*Input data*:
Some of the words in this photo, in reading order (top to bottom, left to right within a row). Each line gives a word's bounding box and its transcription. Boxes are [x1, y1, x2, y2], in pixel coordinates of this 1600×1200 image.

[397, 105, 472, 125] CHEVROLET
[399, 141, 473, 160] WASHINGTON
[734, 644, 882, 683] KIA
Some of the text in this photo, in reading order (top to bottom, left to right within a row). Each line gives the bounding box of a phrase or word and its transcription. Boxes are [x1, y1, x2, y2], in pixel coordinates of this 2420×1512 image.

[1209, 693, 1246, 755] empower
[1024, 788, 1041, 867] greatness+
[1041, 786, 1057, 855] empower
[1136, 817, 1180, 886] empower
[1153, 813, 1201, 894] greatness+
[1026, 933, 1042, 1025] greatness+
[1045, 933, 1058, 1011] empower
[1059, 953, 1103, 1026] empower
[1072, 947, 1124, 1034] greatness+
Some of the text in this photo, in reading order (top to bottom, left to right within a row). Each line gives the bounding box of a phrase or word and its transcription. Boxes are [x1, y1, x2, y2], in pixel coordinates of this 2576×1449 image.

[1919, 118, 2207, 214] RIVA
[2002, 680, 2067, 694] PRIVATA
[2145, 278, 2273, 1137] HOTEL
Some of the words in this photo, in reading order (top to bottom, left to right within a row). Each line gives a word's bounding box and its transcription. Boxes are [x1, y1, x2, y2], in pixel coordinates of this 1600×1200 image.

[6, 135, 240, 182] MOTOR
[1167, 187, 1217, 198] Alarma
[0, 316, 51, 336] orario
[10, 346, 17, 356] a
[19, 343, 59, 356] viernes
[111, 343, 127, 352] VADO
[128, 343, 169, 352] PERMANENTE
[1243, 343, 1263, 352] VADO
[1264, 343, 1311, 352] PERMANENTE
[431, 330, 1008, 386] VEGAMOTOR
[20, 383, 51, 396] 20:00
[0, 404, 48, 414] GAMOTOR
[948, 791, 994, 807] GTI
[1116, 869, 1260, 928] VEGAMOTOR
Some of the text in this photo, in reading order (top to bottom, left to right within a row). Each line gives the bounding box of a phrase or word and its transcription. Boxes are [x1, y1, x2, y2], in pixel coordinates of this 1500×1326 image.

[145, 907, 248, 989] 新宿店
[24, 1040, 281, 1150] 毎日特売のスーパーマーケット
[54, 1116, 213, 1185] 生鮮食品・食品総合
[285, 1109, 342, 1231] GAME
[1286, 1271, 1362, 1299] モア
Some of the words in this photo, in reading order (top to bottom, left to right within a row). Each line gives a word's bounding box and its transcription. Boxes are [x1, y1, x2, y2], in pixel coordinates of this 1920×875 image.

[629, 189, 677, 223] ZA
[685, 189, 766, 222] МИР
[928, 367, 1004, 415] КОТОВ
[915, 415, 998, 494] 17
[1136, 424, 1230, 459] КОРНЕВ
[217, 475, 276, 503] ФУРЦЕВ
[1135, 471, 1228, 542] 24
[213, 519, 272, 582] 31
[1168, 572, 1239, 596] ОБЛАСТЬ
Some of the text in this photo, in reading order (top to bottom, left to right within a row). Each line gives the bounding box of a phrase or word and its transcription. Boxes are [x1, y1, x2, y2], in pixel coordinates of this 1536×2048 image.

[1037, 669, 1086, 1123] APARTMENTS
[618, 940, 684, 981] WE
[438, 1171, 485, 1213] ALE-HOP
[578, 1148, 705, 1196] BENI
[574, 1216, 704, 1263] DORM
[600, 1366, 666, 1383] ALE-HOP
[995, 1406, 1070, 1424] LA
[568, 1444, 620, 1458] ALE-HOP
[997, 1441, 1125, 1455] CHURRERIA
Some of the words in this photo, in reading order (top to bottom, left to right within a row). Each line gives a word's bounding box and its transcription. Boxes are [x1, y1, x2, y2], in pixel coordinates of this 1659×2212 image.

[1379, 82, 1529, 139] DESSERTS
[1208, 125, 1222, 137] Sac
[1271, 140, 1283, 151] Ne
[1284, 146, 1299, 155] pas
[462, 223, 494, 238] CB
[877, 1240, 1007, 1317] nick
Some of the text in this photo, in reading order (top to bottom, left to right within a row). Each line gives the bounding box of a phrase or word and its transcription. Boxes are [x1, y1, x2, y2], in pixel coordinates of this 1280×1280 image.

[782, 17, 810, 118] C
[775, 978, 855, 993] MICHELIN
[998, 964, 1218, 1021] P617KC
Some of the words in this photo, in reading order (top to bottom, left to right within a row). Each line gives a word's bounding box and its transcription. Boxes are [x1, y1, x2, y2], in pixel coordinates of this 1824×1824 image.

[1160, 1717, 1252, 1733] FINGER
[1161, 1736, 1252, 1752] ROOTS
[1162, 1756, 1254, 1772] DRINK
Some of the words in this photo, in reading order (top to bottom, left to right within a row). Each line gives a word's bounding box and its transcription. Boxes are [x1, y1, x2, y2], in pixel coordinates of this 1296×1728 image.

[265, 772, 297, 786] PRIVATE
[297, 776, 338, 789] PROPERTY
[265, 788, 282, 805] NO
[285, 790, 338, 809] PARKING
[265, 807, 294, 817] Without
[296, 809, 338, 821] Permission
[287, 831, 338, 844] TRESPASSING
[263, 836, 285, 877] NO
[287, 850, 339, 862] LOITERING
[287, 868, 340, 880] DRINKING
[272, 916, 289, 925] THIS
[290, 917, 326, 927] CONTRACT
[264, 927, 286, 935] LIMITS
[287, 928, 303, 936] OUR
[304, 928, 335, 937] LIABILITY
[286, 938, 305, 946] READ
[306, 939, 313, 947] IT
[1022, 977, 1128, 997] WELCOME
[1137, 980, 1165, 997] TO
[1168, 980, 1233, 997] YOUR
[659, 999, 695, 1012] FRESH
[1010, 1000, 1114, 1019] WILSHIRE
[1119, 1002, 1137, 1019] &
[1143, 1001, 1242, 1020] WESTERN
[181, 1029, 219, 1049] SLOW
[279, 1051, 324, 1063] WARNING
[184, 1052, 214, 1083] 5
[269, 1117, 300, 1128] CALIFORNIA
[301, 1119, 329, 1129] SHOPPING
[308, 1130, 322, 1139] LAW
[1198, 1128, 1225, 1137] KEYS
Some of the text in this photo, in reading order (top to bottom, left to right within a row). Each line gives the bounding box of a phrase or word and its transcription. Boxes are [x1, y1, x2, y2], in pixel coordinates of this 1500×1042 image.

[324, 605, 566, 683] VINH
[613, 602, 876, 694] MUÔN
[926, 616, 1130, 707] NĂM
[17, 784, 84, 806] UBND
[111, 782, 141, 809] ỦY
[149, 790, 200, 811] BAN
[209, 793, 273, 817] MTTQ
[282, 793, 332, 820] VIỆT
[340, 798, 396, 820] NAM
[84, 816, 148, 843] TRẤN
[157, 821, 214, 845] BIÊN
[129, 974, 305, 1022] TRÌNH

*Work instructions*:
A verbatim copy of every record is what you should return.

*Result*:
Some of the words in this photo, in reading order (top to bottom, left to right within a row). Each line gives a word's bounding box and its transcription. Boxes are [x1, y1, x2, y2], in pixel coordinates of this 1600×1200 image.

[397, 105, 472, 125] CHEVROLET
[399, 141, 473, 160] WASHINGTON
[734, 644, 882, 683] KIA
Some of the text in this photo, in reading order (top to bottom, left to right within a row). Each line gives the bounding box of a phrase or word and its transcription. Boxes are [x1, y1, x2, y2], in pixel coordinates of this 2420×1512 image.

[1209, 693, 1246, 755] empower
[1024, 788, 1041, 867] greatness+
[1041, 786, 1057, 855] empower
[1136, 817, 1180, 886] empower
[1153, 813, 1201, 894] greatness+
[1026, 933, 1042, 1025] greatness+
[1045, 933, 1058, 1011] empower
[1059, 953, 1103, 1026] empower
[1072, 947, 1124, 1034] greatness+
Some of the text in this photo, in reading order (top to bottom, left to right within a row). Each line gives the bounding box of a phrase or word and its transcription. Boxes are [x1, y1, x2, y2], in pixel coordinates of this 2576×1449 image.

[1919, 118, 2207, 214] RIVA
[2002, 680, 2067, 694] PRIVATA
[2145, 278, 2273, 1137] HOTEL
Some of the words in this photo, in reading order (top to bottom, left to right within a row). Each line gives a word's bounding box and its transcription. Boxes are [x1, y1, x2, y2], in pixel coordinates of this 1600×1200 image.

[6, 135, 240, 182] MOTOR
[1167, 187, 1217, 198] Alarma
[0, 316, 51, 336] orario
[10, 346, 17, 356] a
[19, 343, 59, 356] viernes
[111, 343, 127, 352] VADO
[128, 343, 169, 352] PERMANENTE
[1243, 343, 1263, 352] VADO
[1264, 343, 1311, 352] PERMANENTE
[431, 330, 1008, 386] VEGAMOTOR
[20, 383, 51, 396] 20:00
[0, 404, 48, 414] GAMOTOR
[948, 791, 994, 807] GTI
[1116, 869, 1260, 928] VEGAMOTOR
Some of the text in this photo, in reading order (top to bottom, left to right within a row). Each line gives the bounding box of a phrase or word and its transcription. Boxes are [x1, y1, x2, y2], in pixel coordinates of this 1500×1326 image.

[145, 907, 248, 989] 新宿店
[24, 1040, 281, 1150] 毎日特売のスーパーマーケット
[54, 1116, 213, 1185] 生鮮食品・食品総合
[285, 1109, 342, 1231] GAME
[1286, 1271, 1362, 1299] モア
Some of the words in this photo, in reading order (top to bottom, left to right within a row). Each line gives a word's bounding box and its transcription. Boxes are [x1, y1, x2, y2], in pixel coordinates of this 1920×875 image.

[629, 189, 677, 223] ZA
[685, 189, 766, 222] МИР
[928, 367, 1004, 415] КОТОВ
[915, 415, 998, 494] 17
[1136, 424, 1230, 459] КОРНЕВ
[217, 475, 276, 503] ФУРЦЕВ
[1135, 471, 1228, 542] 24
[213, 519, 272, 582] 31
[1168, 572, 1239, 596] ОБЛАСТЬ
Some of the text in this photo, in reading order (top to bottom, left to right within a row). Each line gives the bounding box of a phrase or word and its transcription. Boxes are [x1, y1, x2, y2], in pixel coordinates of this 1536×2048 image.

[1037, 669, 1086, 1123] APARTMENTS
[618, 940, 684, 981] WE
[438, 1171, 485, 1213] ALE-HOP
[578, 1148, 705, 1196] BENI
[574, 1216, 704, 1263] DORM
[600, 1366, 666, 1383] ALE-HOP
[995, 1406, 1070, 1424] LA
[568, 1444, 620, 1458] ALE-HOP
[997, 1441, 1125, 1455] CHURRERIA
Some of the words in this photo, in reading order (top to bottom, left to right within a row). Each line gives a word's bounding box and its transcription. Boxes are [x1, y1, x2, y2], in pixel coordinates of this 1659×2212 image.

[1379, 82, 1529, 139] DESSERTS
[1208, 125, 1222, 137] Sac
[1271, 140, 1283, 151] Ne
[1284, 146, 1299, 155] pas
[462, 223, 494, 238] CB
[877, 1240, 1007, 1317] nick
Some of the text in this photo, in reading order (top to bottom, left to right within a row). Each line gives the bounding box of a phrase or word and its transcription. Boxes are [x1, y1, x2, y2], in pixel coordinates of this 1280×1280 image.

[782, 17, 810, 118] C
[775, 978, 855, 993] MICHELIN
[998, 964, 1218, 1021] P617KC
Some of the words in this photo, in reading order (top to bottom, left to right within a row). Each line gives a word's bounding box and its transcription. Boxes are [x1, y1, x2, y2], in pixel coordinates of this 1824×1824 image.

[1160, 1717, 1252, 1733] FINGER
[1161, 1736, 1252, 1752] ROOTS
[1162, 1756, 1254, 1772] DRINK
Some of the words in this photo, in reading order (top to bottom, left to right within a row). Each line gives a word's bounding box and its transcription. Boxes are [x1, y1, x2, y2], in pixel coordinates of this 1296×1728 image.

[265, 772, 297, 786] PRIVATE
[297, 776, 338, 789] PROPERTY
[265, 788, 282, 805] NO
[285, 790, 338, 809] PARKING
[265, 807, 294, 817] Without
[296, 809, 338, 821] Permission
[287, 831, 338, 844] TRESPASSING
[263, 836, 285, 877] NO
[287, 850, 339, 862] LOITERING
[287, 868, 340, 880] DRINKING
[272, 916, 289, 925] THIS
[290, 917, 326, 927] CONTRACT
[264, 927, 286, 935] LIMITS
[287, 928, 303, 936] OUR
[304, 928, 335, 937] LIABILITY
[286, 938, 305, 946] READ
[306, 939, 313, 947] IT
[1022, 977, 1128, 997] WELCOME
[1137, 980, 1165, 997] TO
[1168, 980, 1233, 997] YOUR
[659, 999, 695, 1012] FRESH
[1010, 1000, 1114, 1019] WILSHIRE
[1119, 1002, 1137, 1019] &
[1143, 1001, 1242, 1020] WESTERN
[181, 1029, 219, 1049] SLOW
[279, 1051, 324, 1063] WARNING
[184, 1052, 214, 1083] 5
[269, 1117, 300, 1128] CALIFORNIA
[301, 1119, 329, 1129] SHOPPING
[308, 1130, 322, 1139] LAW
[1198, 1128, 1225, 1137] KEYS
Some of the text in this photo, in reading order (top to bottom, left to right within a row). Each line gives the bounding box of a phrase or word and its transcription. Boxes are [x1, y1, x2, y2], in pixel coordinates of this 1500×1042 image.

[324, 605, 566, 683] VINH
[613, 602, 876, 694] MUÔN
[926, 616, 1130, 707] NĂM
[17, 784, 84, 806] UBND
[111, 782, 141, 809] ỦY
[149, 790, 200, 811] BAN
[209, 793, 273, 817] MTTQ
[282, 793, 332, 820] VIỆT
[340, 798, 396, 820] NAM
[84, 816, 148, 843] TRẤN
[157, 821, 214, 845] BIÊN
[129, 974, 305, 1022] TRÌNH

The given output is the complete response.